§ Listed records
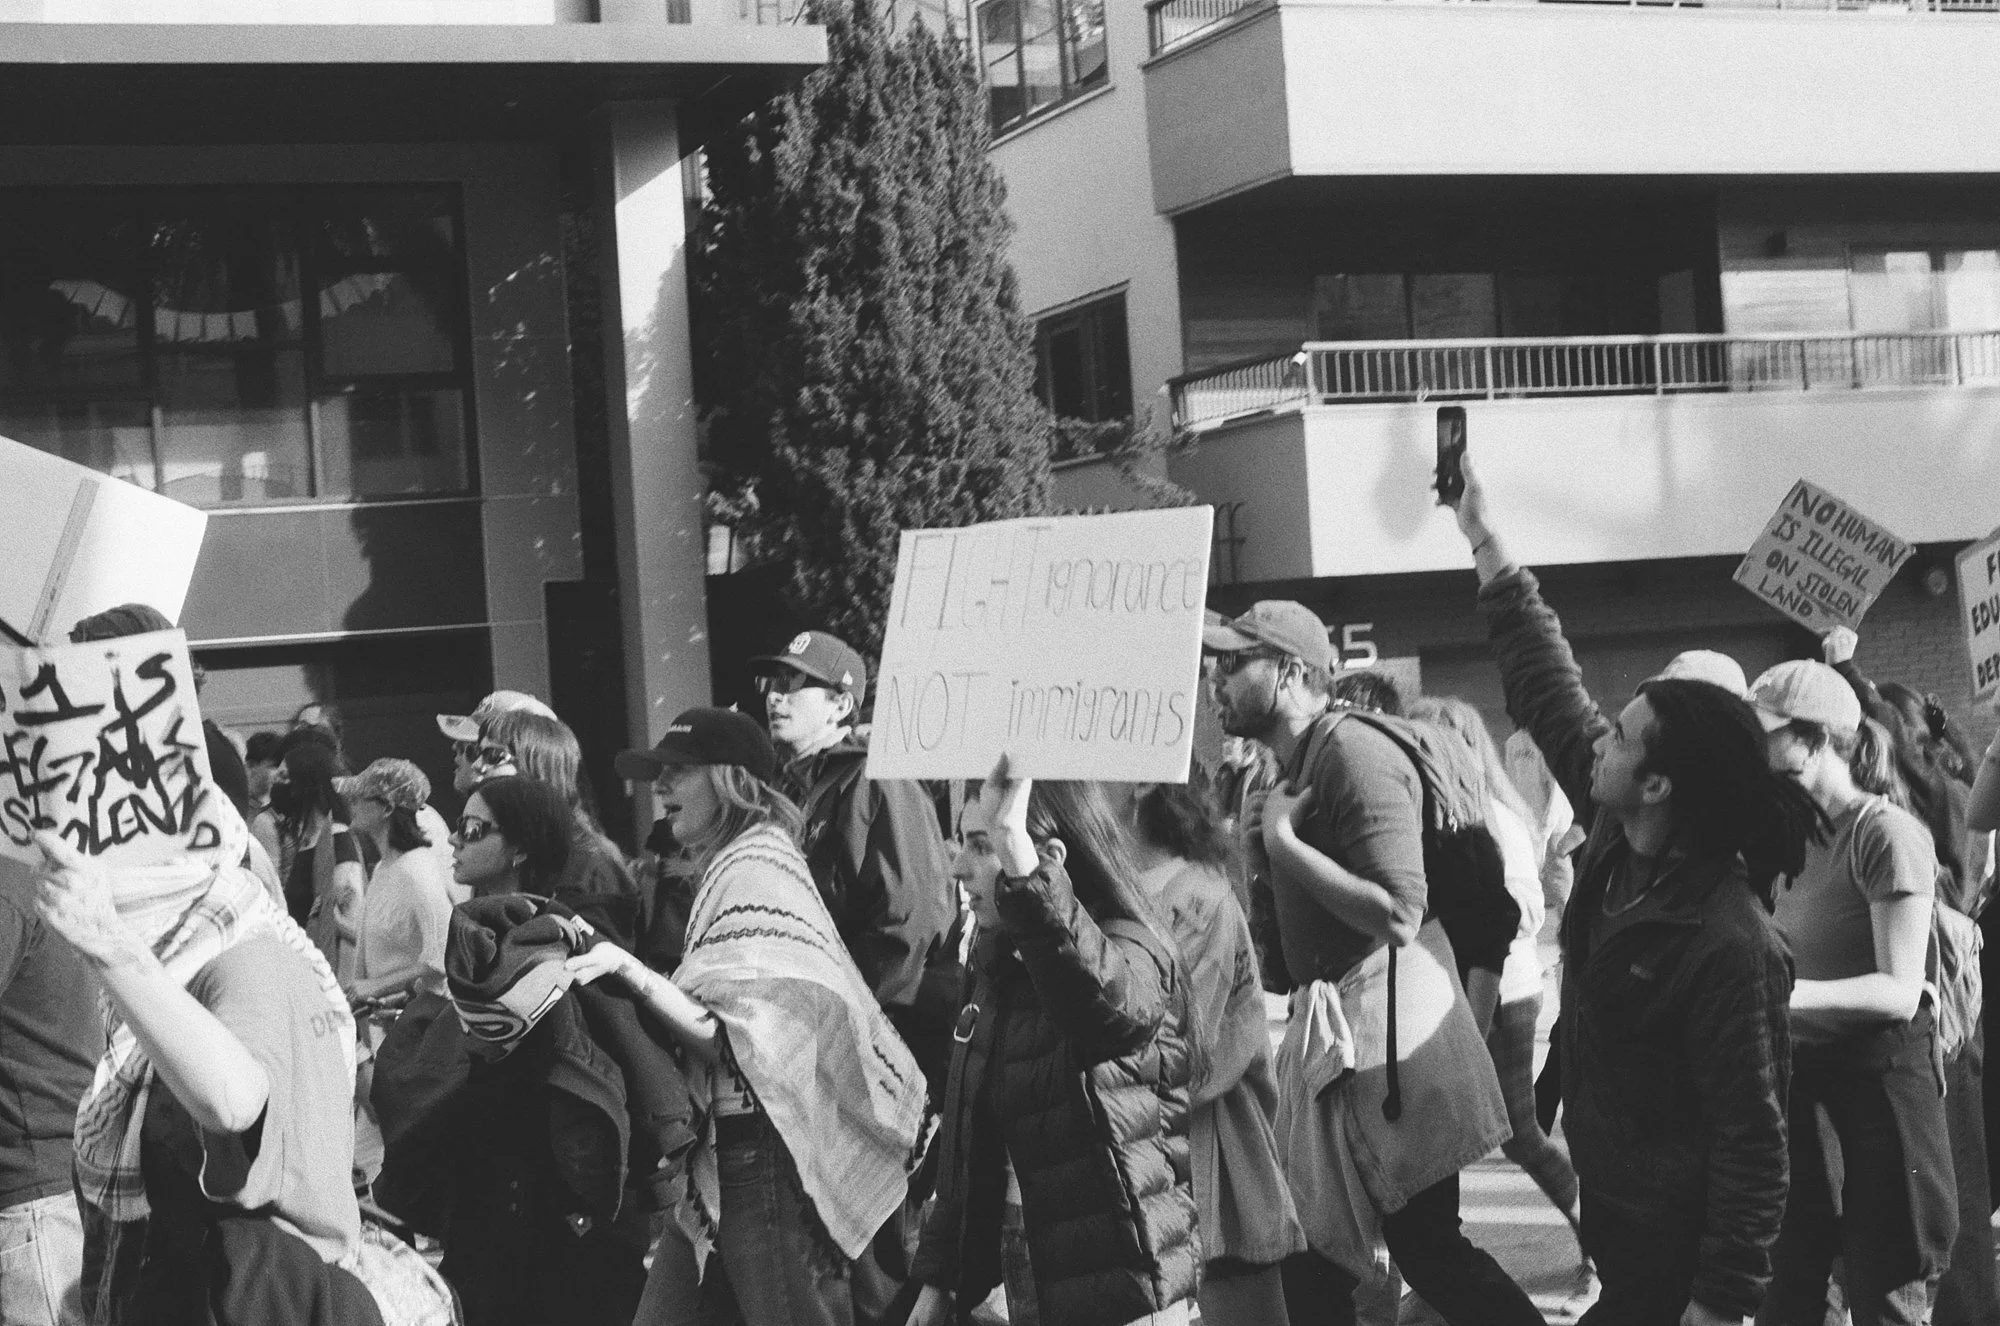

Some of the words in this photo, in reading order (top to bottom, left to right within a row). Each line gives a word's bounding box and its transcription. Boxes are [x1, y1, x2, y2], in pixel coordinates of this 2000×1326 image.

[1771, 512, 1802, 542] IS
[1797, 529, 1870, 592] ILLEGAL
[1790, 486, 1838, 525] NO
[1831, 510, 1907, 569] HUMAN
[1758, 574, 1814, 617] LAND
[1766, 549, 1799, 578] ON
[1796, 572, 1860, 618] STOLEN
[884, 670, 990, 753] NOT

§ Brief
If a record holds a picture, leave the picture out and copy everything else exactly.

§ Result of the task
Some of the words in this photo, in reading order (top to bottom, left to right within a row). Each line gives a word's bounding box and its transcription. Boxes are [x1, y1, x2, y2], in pixel coordinates of this 2000×1326 image.

[1771, 512, 1802, 542] IS
[1797, 529, 1870, 592] ILLEGAL
[1790, 486, 1838, 525] NO
[1831, 510, 1907, 569] HUMAN
[1758, 574, 1814, 617] LAND
[1766, 549, 1799, 578] ON
[1796, 572, 1860, 618] STOLEN
[884, 670, 990, 753] NOT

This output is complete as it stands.